Riuh piuh teriakan siswa memenuhi kelas XI-2. "LANJOT TROSS." Begitulah penggalan dari teriakan para siswa kelas tersebut.
"Ok sekarang gue. Masih tentang hewan. Ibu tau gak hewan yang bisa ngungkapin perasaan." Kini giliran Netter.
"GAK TAU." Teriak siswa kelas itu.
Netter menyapu pandangan keseluruhan kelas dibarengi senyum manisnya. "Kucing."
Penghuni kelas nampak bingung dengan jawaban Netter. "Kucingta kamu." Lanjut pria jakung tersebut.
"EEAAA" Heboh yang lainnya.
"Sekarang gue." Nuel berdiri di tempat ingin lanjut menggombali bu Ian.
"Gak, gue sekarang !" Larang Raka.
"Kok lo, sekarang gue kali !" Ucap Netter menyolot.

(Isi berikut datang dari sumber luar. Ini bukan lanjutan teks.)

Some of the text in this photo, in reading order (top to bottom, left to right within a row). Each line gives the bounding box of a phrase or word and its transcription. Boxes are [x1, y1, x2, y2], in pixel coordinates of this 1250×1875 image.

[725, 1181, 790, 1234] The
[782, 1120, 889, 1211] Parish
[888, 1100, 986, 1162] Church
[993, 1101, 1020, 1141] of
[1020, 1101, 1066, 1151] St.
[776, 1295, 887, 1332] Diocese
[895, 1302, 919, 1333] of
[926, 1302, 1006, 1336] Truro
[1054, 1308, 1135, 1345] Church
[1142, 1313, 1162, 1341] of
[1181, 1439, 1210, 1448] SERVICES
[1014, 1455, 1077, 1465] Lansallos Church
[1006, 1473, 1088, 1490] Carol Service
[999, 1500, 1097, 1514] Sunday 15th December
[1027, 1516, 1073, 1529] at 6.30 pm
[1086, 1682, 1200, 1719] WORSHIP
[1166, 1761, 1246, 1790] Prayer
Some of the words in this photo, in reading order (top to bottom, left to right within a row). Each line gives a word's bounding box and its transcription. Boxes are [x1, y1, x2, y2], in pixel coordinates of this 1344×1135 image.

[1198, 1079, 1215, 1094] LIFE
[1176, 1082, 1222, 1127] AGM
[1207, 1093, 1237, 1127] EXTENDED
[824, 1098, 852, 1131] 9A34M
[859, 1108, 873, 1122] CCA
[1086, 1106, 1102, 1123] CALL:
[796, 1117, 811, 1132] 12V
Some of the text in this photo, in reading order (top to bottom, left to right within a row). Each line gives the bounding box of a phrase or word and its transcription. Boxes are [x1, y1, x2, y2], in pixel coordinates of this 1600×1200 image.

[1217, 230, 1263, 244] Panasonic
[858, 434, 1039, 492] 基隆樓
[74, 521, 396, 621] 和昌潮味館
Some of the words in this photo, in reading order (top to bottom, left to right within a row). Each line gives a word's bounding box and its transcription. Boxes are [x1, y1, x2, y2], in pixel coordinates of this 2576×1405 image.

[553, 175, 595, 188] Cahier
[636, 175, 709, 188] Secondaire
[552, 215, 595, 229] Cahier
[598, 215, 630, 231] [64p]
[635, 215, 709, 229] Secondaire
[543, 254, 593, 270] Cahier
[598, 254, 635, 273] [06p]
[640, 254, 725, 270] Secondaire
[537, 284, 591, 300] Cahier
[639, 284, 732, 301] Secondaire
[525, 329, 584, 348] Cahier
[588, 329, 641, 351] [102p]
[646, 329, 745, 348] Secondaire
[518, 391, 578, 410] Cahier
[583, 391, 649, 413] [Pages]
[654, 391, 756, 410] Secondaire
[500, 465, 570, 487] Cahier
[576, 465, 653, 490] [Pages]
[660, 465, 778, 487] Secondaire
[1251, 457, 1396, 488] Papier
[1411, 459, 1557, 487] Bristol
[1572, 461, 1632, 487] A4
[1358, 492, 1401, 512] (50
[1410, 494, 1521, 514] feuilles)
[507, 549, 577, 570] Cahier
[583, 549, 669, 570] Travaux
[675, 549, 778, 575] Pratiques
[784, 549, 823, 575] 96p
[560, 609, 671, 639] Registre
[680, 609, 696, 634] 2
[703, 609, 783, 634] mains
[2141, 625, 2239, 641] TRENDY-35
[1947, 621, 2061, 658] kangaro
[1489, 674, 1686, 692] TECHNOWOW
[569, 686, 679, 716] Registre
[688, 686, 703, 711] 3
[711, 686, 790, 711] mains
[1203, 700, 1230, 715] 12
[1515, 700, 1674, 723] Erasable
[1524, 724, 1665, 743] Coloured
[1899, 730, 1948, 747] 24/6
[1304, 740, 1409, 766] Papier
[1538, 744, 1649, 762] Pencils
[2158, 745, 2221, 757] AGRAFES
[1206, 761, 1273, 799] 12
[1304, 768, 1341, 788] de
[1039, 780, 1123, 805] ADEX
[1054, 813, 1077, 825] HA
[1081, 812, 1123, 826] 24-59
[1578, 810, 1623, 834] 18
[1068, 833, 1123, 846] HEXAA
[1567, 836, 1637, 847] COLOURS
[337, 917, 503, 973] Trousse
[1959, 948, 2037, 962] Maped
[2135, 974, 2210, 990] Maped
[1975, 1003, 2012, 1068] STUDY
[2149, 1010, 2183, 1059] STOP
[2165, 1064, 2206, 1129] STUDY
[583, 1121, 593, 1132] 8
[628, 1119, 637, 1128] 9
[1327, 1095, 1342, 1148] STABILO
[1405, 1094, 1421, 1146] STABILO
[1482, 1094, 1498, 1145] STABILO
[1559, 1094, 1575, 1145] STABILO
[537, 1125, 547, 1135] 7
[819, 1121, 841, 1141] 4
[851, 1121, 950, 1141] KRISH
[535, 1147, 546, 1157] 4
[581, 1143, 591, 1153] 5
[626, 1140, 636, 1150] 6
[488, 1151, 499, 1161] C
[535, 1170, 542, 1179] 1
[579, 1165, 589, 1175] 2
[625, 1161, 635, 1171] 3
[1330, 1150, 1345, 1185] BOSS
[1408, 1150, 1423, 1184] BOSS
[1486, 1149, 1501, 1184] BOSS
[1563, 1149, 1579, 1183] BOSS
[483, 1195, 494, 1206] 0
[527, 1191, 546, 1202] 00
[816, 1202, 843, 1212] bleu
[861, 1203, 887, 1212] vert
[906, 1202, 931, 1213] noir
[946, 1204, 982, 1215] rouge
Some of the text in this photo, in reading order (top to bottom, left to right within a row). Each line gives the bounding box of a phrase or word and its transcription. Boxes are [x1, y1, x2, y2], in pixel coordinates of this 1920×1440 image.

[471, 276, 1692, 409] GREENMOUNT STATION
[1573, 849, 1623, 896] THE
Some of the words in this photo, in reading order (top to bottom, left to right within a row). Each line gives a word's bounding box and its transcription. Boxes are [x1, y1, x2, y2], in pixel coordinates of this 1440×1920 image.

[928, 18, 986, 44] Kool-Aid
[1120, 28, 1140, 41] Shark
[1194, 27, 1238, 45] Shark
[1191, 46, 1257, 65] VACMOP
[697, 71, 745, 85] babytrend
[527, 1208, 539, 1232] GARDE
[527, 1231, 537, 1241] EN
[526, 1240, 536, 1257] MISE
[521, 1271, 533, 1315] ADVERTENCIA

"Gak, gue sekarang !" Nuel hendak menarik kerah baju Raka tetapi terhenti oleh teriakan seseorang.
"Nuel, Raka, Netter ! Keluar dari kelas saya !" Emosi Bu Ian sepertinya sudah benar-benar meledak. Tidak biasanya ia menyuruh keluar sahabat Chaterine saat menggombali dirinya. Biasanya guru berbody goals itu hanya akan mendiami bocah-bocah perusak suasana itu.